Risk of Triple Antithrombic Therapy

Abstract & Commentary

By Michael H. Crawford, MD, Editor

Source: Nilolsky E, et al. Outcomes of patients treated with triple antithrombic therapy after primary percutaneous coronary intervention for ST-elevation myocardial infarction. Am J Cardiol 2012;109:831-838.

In the setting of acute ST segment elevation myocardial infarction (STEMI), warfarin is indicated for atrial fibrillation, a large dyskinetic or aneurysmal area of the left ventricle, or mural thrombus. When treated with primary percutaneous coronary intervention (PCI), patients may require dual antiplatelet therapy as well. Treatment with three antithrombic agents will increase the bleeding risk, but the overall benefit is unclear. Thus, these investigators assessed the outcomes of such patients in the Harmonizing Outcomes and Revascularization and Stents in Acute Myocardial Infarction (HORIZONS-AMI) trial. This trial involved more than 3600 STEMI patients who were randomized to bivaliruden vs heparin plus a glycoprotein IIb/IIIa inhibitor, most of whom had PCI and were then treated with antiplatelet drugs and warfarin per physician discretion. There was also a randomization between a drug-eluting stent and a bare metal stent. Outcomes over 1 year of follow-up were compared between those who received dual antiplatelet therapy and those who received triple therapy during the initial hospitalization. There were two primary endpoints: major bleeding and net adverse clinical events (MACE plus major bleeding). Triple therapy was prescribed in 3.8% and dual antiplatelet therapy in 96.2% of the 3320 patients who underwent PCI. Warfarin indications included reduced ejection fraction (EF) with a large akinetic region in 24%; atrial fibrillation in 24%; a mural thrombus in 23%; a left ventricular aneurysm in 10%; and deep venous thrombosis in 2%. Despite the higher risk profile of the triple therapy group, they had similar short- and long-term ischemic related outcomes, but had a significantly increased rate of major bleeding during the initial hospitalization (17% vs 6.5%, P < 0.001) requiring discontinuation of warfarin in 14% of those on it. Triple therapy continued to predict major bleeding at 1 year (odds ratio 2.16, 95% confidence interval, 1.22-3.83) but was not associated with 1-year mortality. The authors concluded that the risks of triple therapy should be considered before selecting a drug-eluting stent vs a bare metal stent in patients with STEMI undergoing PCI.

Commentary

It is no surprise that triple antithrombic therapy resulted in more major and minor bleeding, but the three-fold magnitude of risk increase is concerning. Also, the observed increase in stroke risk on triple therapy may have been due to the need to stop warfarin in 14% due to major bleeding. The dual need to reduce stent thrombosis and prevent systemic emboli in some patients treated with PCI for STEMI is a dilemma. Dual antiplatelet therapy is superior for the former and warfarin for the latter, so dropping to any two-drug regimen would result in inferior therapy. One approach may be to tailor stent choice depending on the likelihood of needing triple therapy. If warfarin therapy seems necessary, a bare metal stent could be chosen to limit the duration of dual antiplatelet therapy. However, most major bleeding events were seen in the first 30 days when dual antiplatelet therapy would be needed for a bare metal stent. Thus, this approach may not reduce major bleeding much and would result in inferior therapy for the STEMI.
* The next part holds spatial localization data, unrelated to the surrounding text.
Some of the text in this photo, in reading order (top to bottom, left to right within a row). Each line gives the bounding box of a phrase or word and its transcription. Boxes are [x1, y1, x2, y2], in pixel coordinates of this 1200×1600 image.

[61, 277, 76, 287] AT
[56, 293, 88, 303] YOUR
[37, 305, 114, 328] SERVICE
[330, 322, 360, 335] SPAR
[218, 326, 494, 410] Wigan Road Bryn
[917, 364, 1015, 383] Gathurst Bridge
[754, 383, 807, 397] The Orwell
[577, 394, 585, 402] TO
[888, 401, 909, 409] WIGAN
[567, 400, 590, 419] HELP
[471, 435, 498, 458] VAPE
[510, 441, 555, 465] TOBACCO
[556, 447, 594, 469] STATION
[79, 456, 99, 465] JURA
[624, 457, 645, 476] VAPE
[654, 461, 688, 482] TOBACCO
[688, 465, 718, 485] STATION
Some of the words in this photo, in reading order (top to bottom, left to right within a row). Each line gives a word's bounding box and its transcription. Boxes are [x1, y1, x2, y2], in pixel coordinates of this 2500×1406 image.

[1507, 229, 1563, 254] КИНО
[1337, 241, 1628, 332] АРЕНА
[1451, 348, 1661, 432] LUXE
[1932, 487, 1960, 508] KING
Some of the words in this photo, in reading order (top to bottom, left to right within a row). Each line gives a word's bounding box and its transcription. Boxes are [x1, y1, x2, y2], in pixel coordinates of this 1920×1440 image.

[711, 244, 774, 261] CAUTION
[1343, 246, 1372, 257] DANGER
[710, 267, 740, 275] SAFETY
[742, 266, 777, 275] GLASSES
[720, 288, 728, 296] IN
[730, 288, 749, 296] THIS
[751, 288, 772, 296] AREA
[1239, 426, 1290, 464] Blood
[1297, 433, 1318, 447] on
Some may take comfort in the low incidence of triple therapy patients (4%), but in a non-trial setting it is likely to be higher. Consider that anyone already on warfarin was excluded from the trial. Given the frequency of atrial fibrillation in an older STEMI population, the real need for warfarin may be more like 15-20%. Clearly, we need safer therapies to prevent stent thrombosis and systemic emboli. Whether some of the newer antiplatelet and oral anticoagulant drugs will fill this bill remains to be seen. In the meantime, careful patient selection for acute MI therapies is necessary.